Goodbye COVID hair


In my list of twenty things I yearned for during the pandemic, published at the end of April, a haircut didn’t make the cut (no pun intended). At that point we had only been in lockdown for five or six weeks and my locks were still manageable. Not now, one hundred days on my hair has got to a point that it is just annoying, not that I should complain.

When the government announced that hairdressers would be able to open I felt some relief. I wasn’t one of those however who was at the door at a minute after midnight on 4 July, as I decided to leave it until the initial rush had died down.

My local barbers, Dave’s, had introduced an online booking system, which, after some initial logging in difficulties allowed me to choose the person to cut my hair and a time slot to get it done. The Nearcut app gave very specific details as to the measures Dave’s had put in place to reduce the risk from the virus.
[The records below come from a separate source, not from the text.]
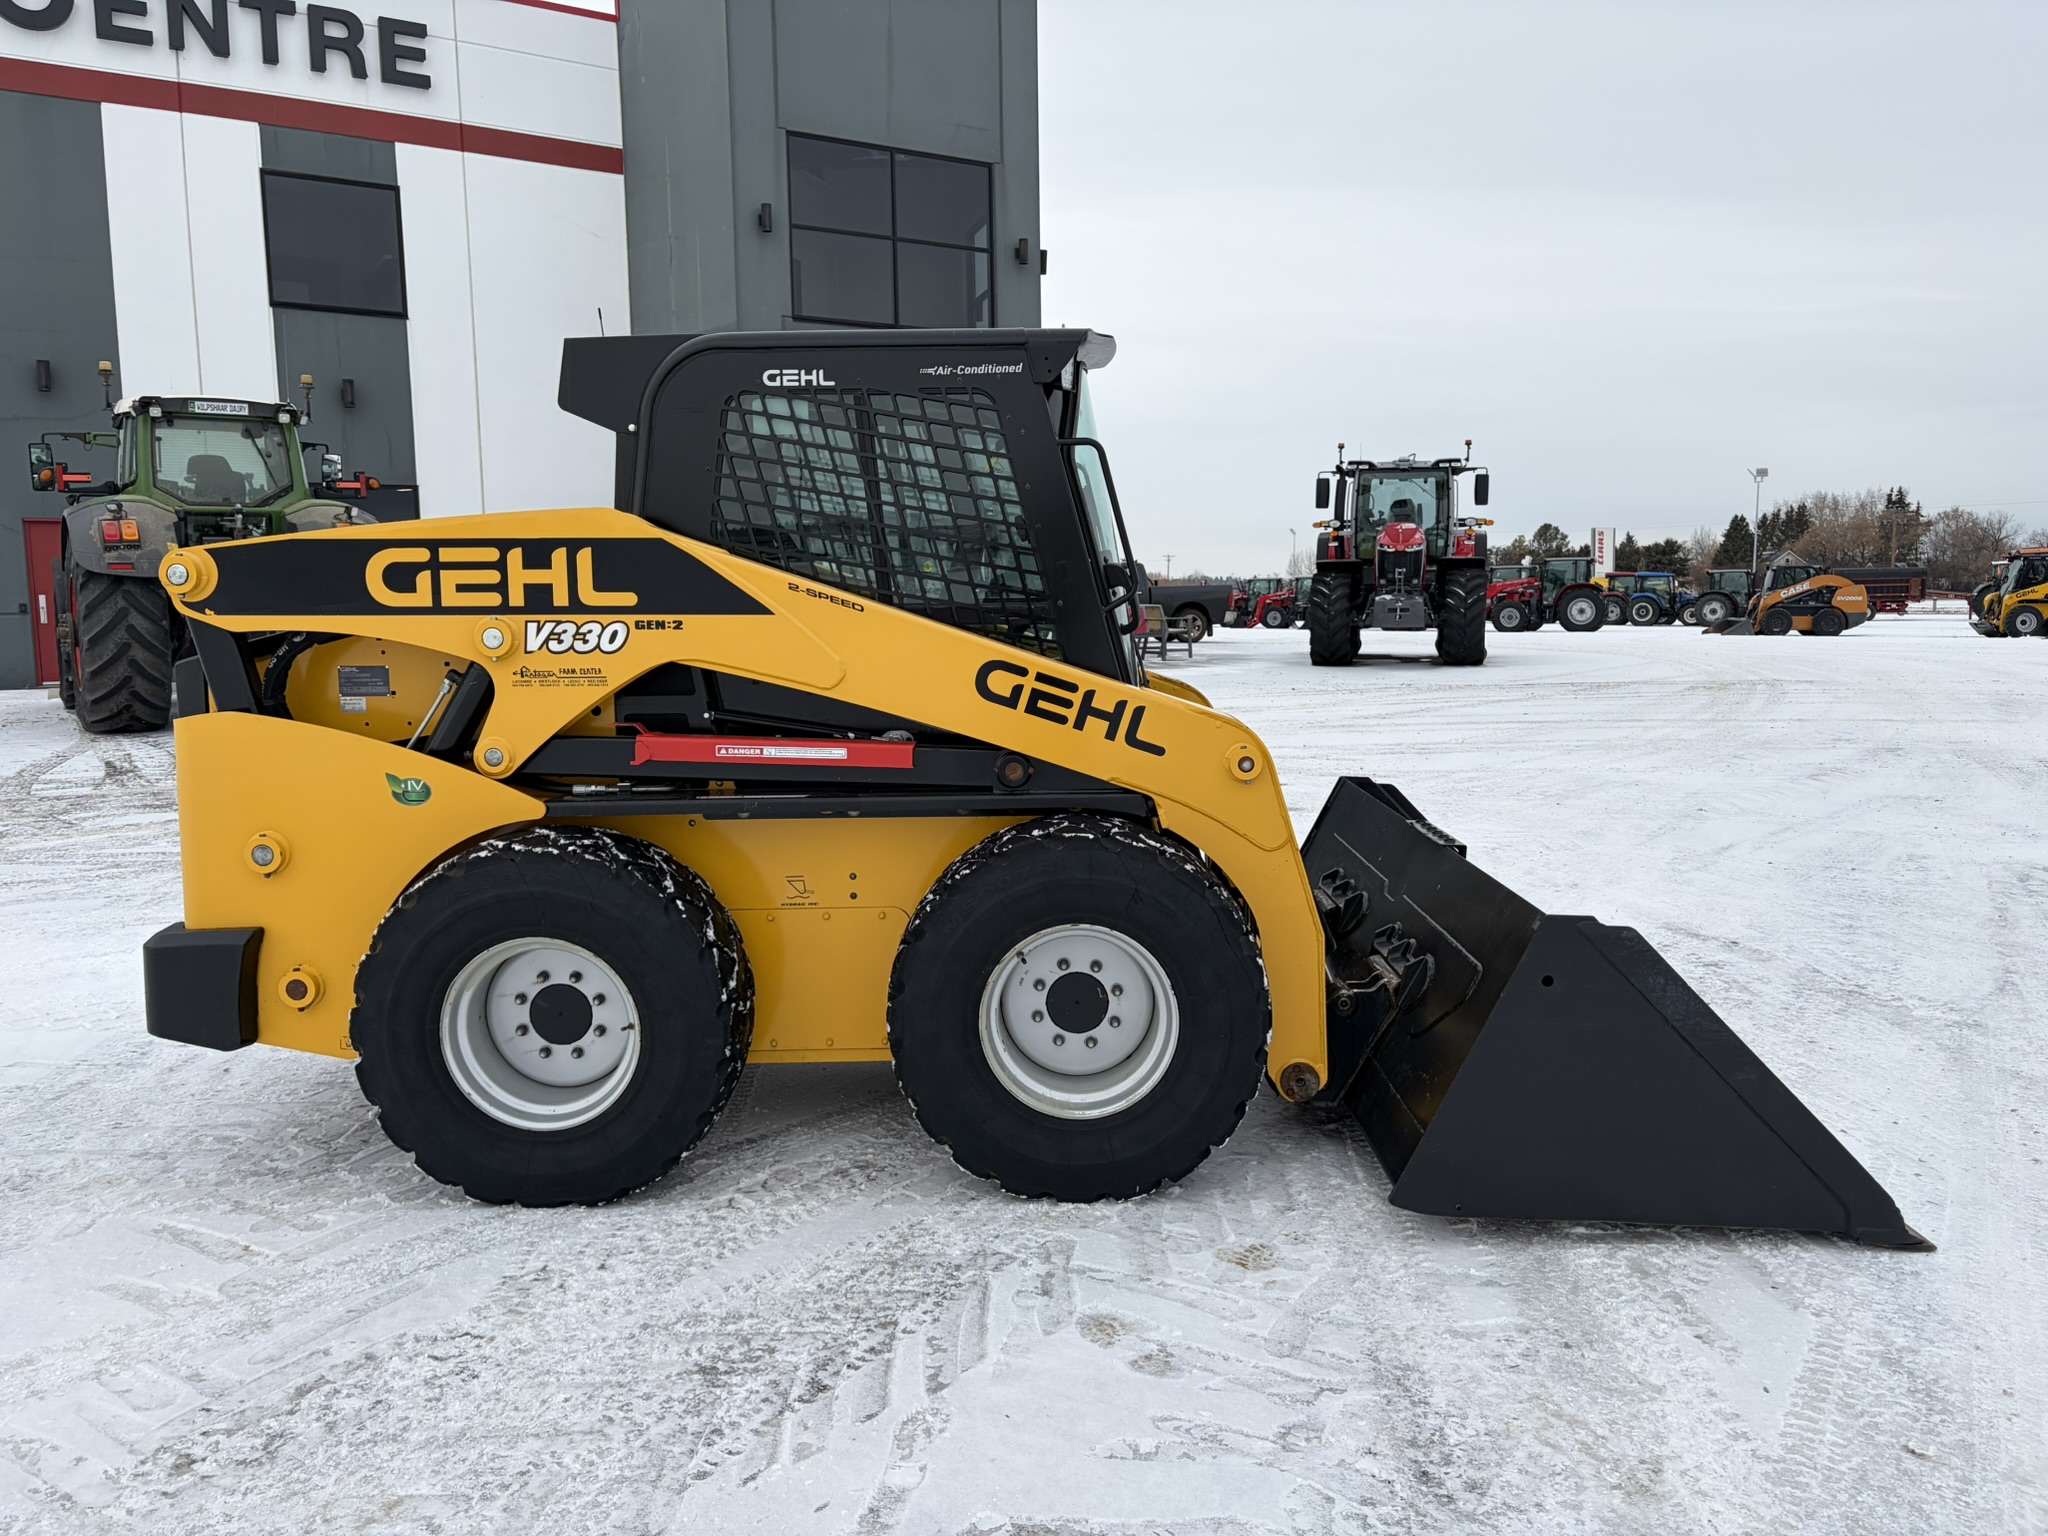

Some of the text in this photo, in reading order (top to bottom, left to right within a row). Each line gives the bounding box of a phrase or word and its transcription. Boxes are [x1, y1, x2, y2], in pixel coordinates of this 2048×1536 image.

[762, 369, 836, 387] GEHL
[935, 363, 1023, 376] Air-Conditioned
[365, 547, 639, 608] GEHL
[788, 582, 865, 613] 2-SPEED
[1780, 581, 1811, 598] CASE
[2015, 588, 2039, 599] GEHL
[524, 620, 684, 655] V330 GEN:2
[974, 659, 1167, 757] GEHL
[728, 747, 761, 755] DANGER
Tuesday afternoon then, there I was sitting on the convenient bench outside the shop, waiting my turn. Eventually my time arrived and I had my haircut with everything going more or less as planned. Indeed, if anything it went too well. Darren, the barber was working flat out. The app was great as a booking tool but took no account of the variety in the life of a barber and it reminded me of what it’s like to have back to back Zoom meetings.
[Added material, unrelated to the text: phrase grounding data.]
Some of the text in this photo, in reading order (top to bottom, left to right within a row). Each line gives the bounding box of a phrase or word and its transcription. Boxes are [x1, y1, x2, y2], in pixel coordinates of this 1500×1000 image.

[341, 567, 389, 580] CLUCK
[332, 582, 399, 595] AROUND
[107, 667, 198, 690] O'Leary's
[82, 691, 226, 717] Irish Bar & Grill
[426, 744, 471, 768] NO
In the good old days, we used to sit and wait on the benches inside 

the shop and that would absorb any variety in the system. Not all haircuts are the same, not all people are the same and not all barbers cut at the same rate. The queue would be self-limiting, if the bench was full people would go away and come back later and the first person who sat down would be the first to get up when a barber became free. Also, the more analogue system would allow for the barbers to take a break to have a coffee or go to the toilet.  
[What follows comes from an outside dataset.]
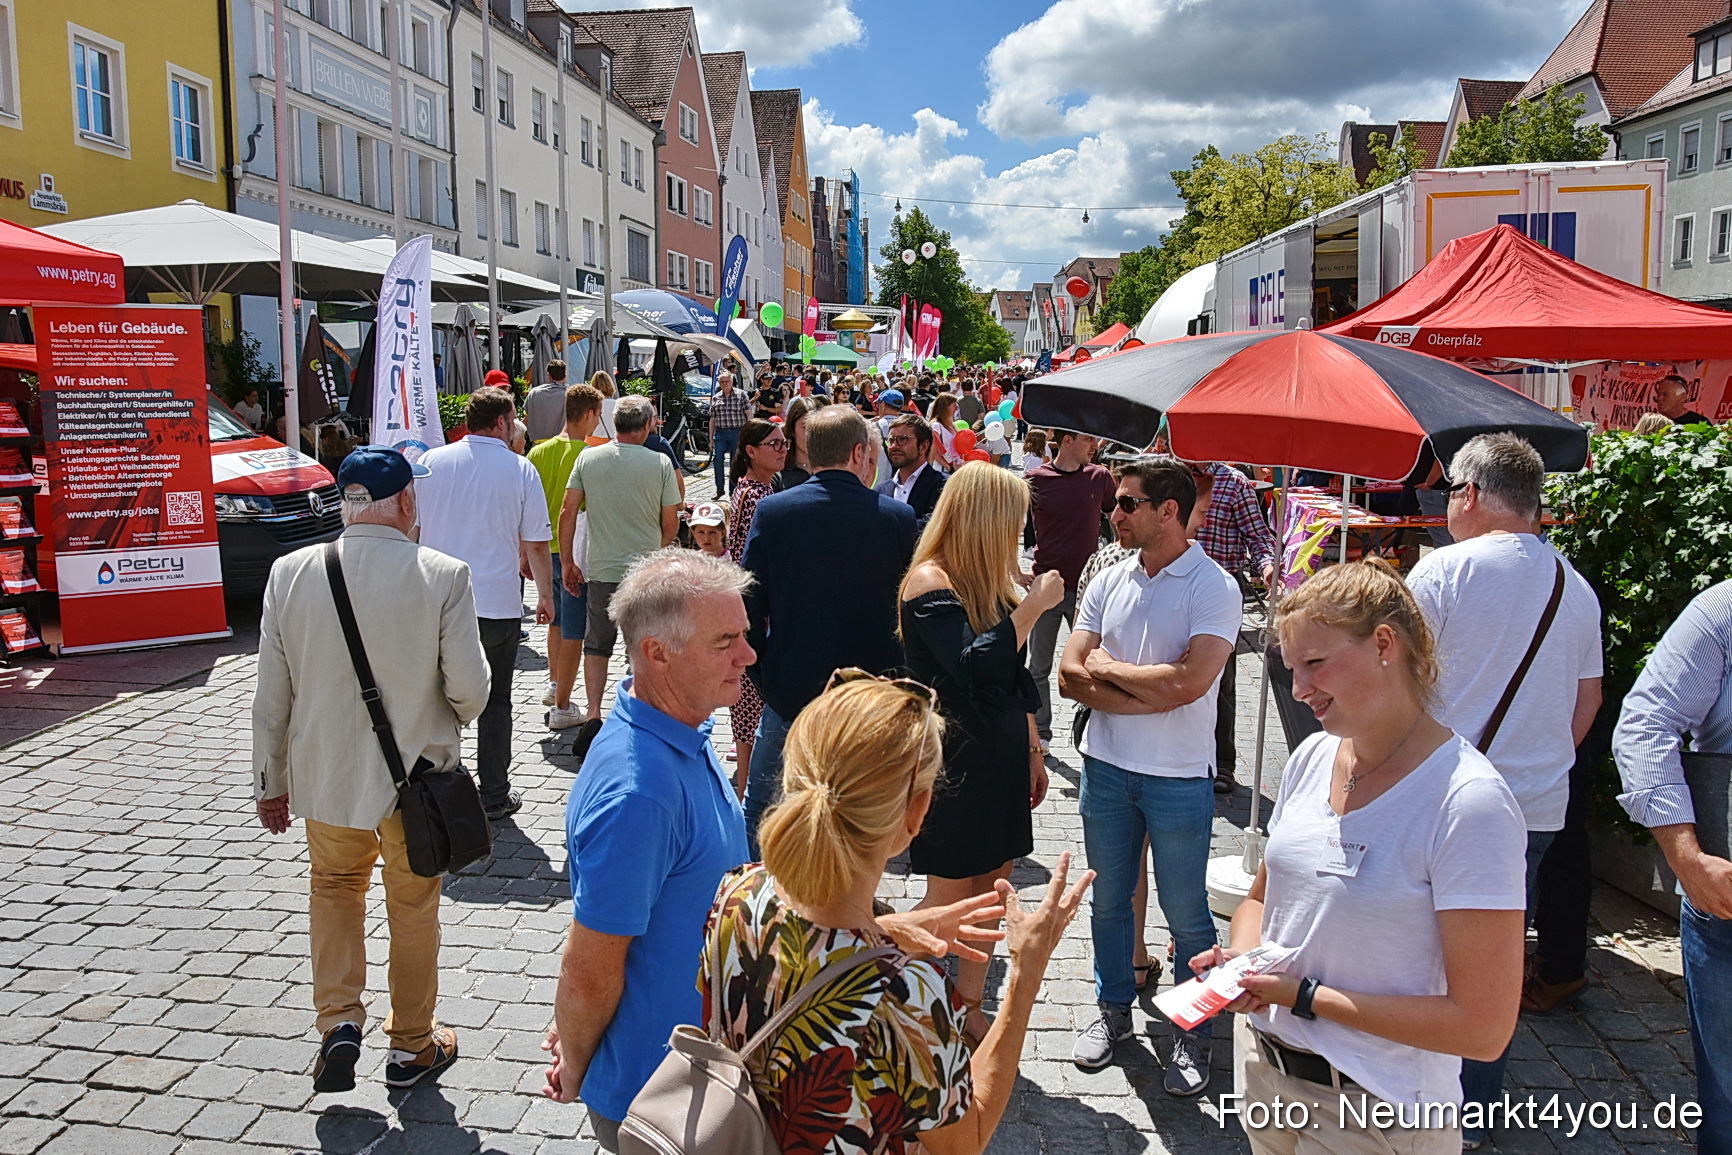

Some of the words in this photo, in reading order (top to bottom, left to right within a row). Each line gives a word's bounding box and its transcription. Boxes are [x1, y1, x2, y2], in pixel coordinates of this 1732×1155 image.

Having a standard time slot on the app, even though breaks and lunch were built in allowed for no slack or variety in the haircutting system and poor Darren (and all the other barbers) ended up paying the price.

I’m relieved to have had my haircut and am grateful for Dave and the use of the Nearcut app but once again it demonstrated to me that sometimes technology does not always work as anticipated. The app reflected an idealised barber experience rather than what happens in real life.